==== RECORDED DATA ====
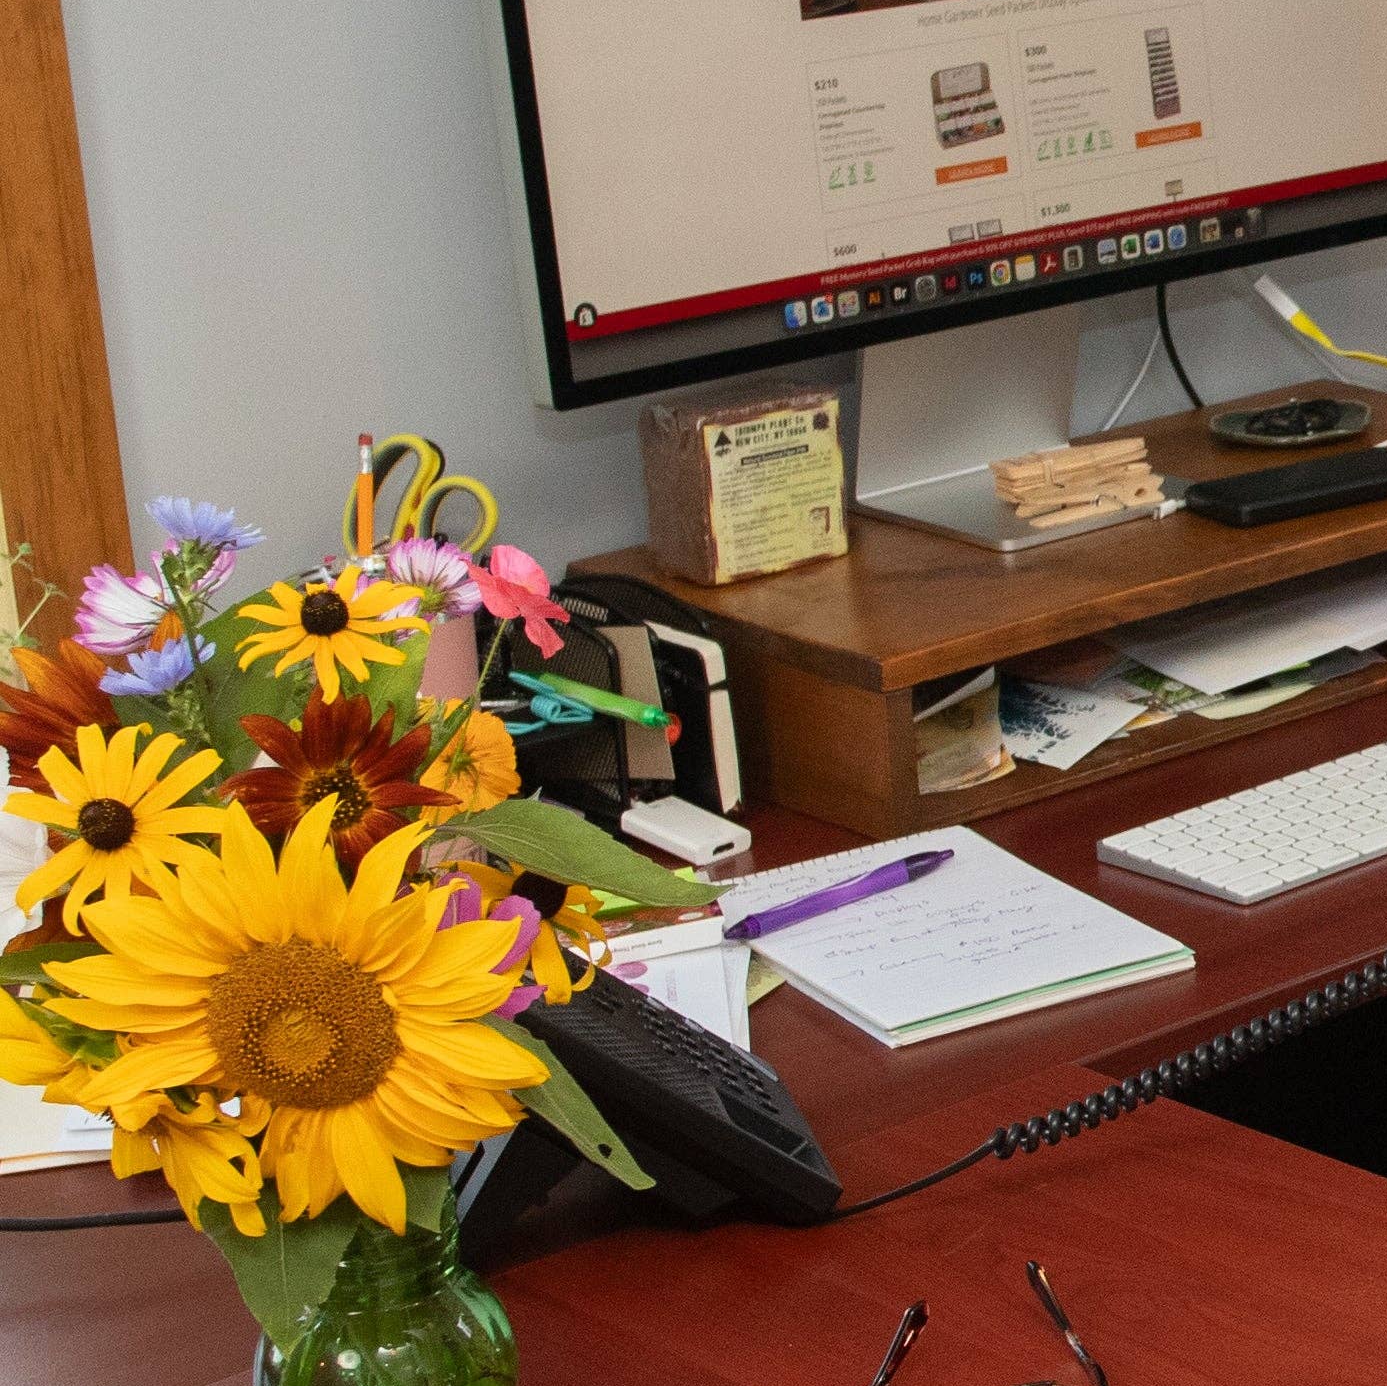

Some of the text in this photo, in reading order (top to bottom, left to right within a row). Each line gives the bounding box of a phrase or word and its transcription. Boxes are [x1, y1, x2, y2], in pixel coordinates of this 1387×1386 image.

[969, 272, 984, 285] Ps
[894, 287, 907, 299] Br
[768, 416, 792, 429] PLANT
====
==== RECORDED DATA ====
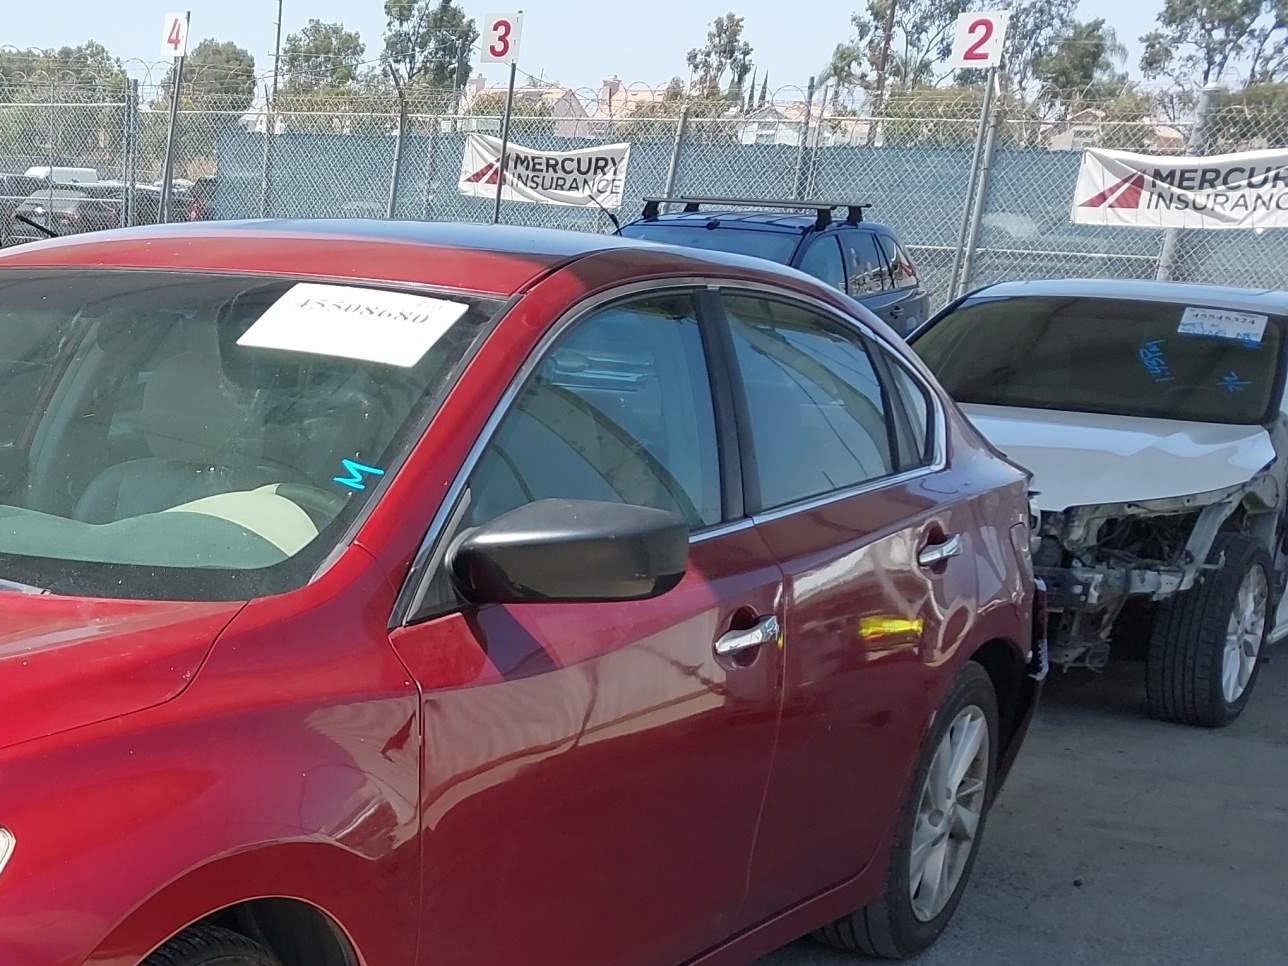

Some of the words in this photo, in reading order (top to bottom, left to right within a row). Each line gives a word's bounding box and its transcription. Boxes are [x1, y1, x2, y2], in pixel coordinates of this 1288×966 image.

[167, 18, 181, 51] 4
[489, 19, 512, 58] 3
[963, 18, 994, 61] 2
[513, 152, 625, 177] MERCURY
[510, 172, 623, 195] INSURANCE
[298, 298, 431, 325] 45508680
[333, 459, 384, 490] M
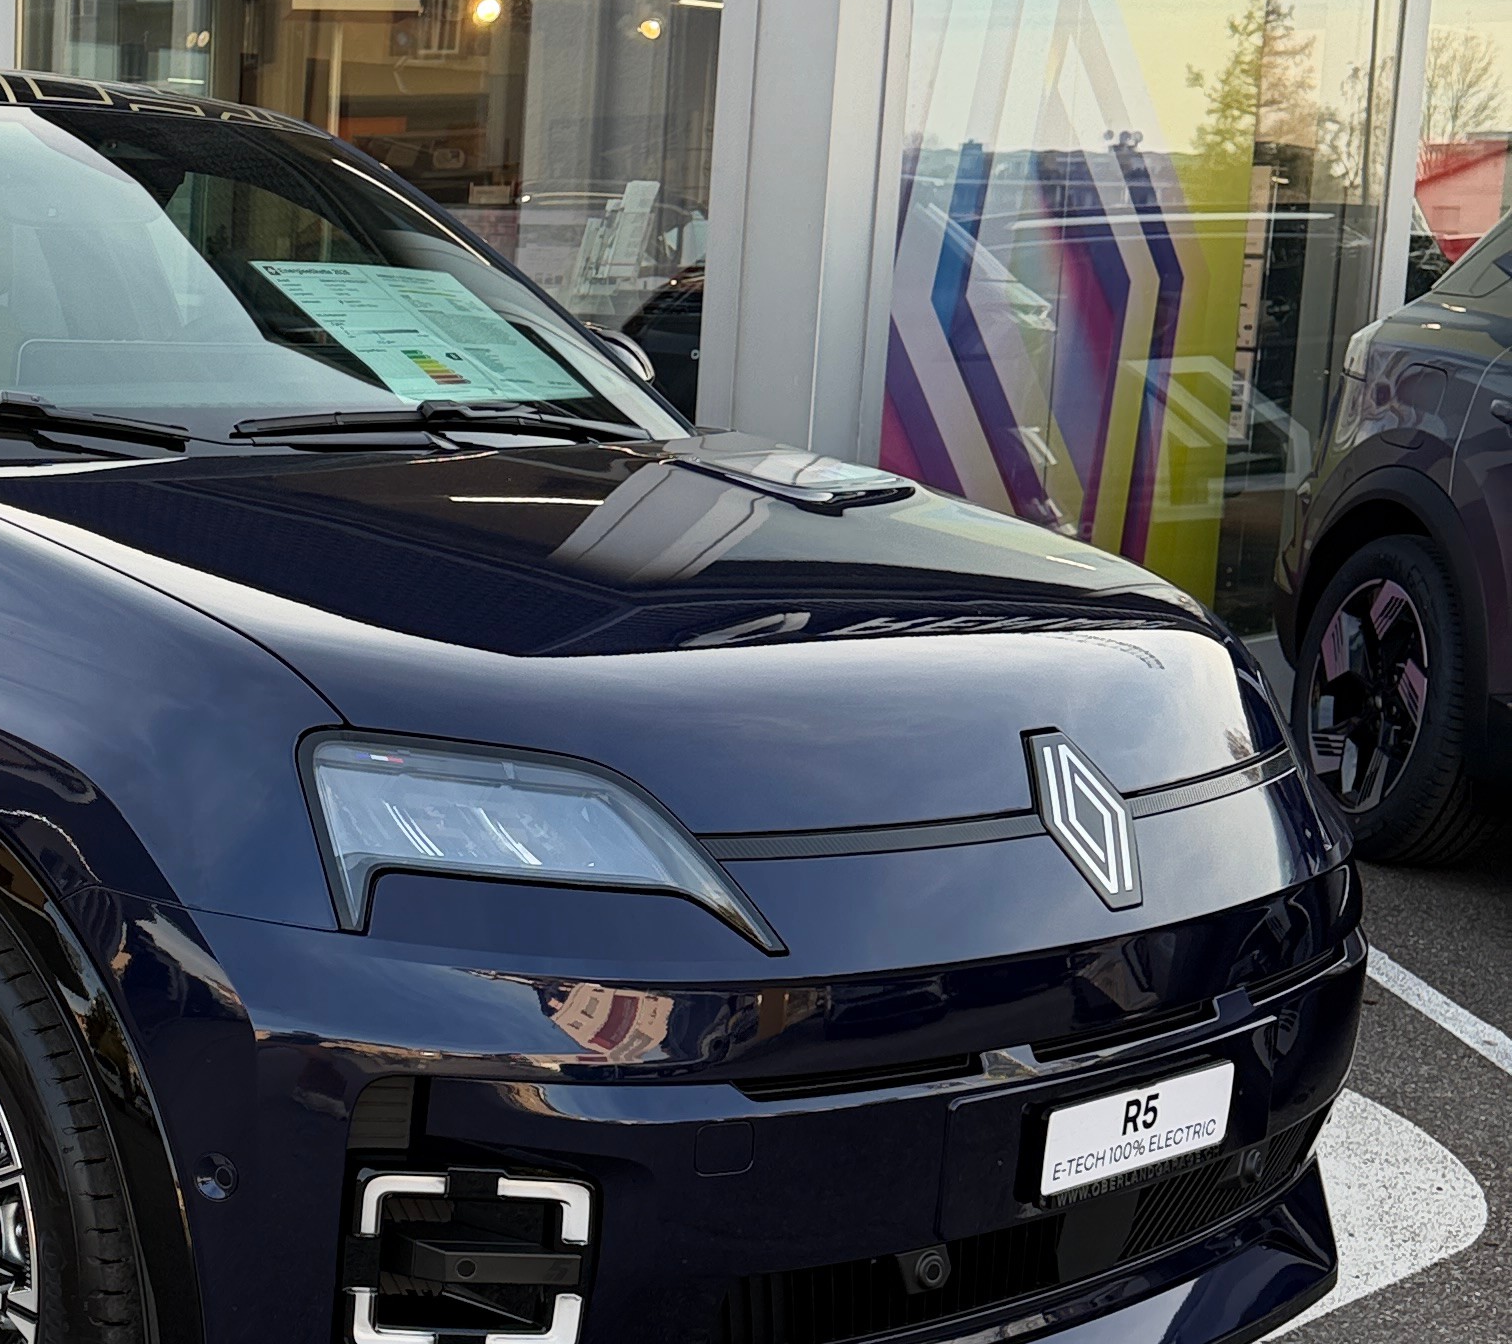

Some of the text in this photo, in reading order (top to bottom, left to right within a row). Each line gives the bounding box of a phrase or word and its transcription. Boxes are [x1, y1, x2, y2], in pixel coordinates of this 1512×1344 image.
====
Restate the lines above from the one containing "Some of the words" through the one containing "this 1512×1344 image.", inclusive, exactly and without pictures.

[ANSWER BELOW]
Some of the words in this photo, in reading order (top to bottom, left to right within a row). Each line gives a word's bounding box and its transcription. Boxes are [x1, y1, x2, y2], in pixel coordinates of this 1288×966 image.

[167, 18, 181, 51] 4
[489, 19, 512, 58] 3
[963, 18, 994, 61] 2
[513, 152, 625, 177] MERCURY
[510, 172, 623, 195] INSURANCE
[298, 298, 431, 325] 45508680
[333, 459, 384, 490] M

Some of the text in this photo, in reading order (top to bottom, left to right within a row). Each line gives the bounding box of a phrase or word and its transcription. Boxes are [x1, y1, x2, y2], in pixel coordinates of this 1512×1344 image.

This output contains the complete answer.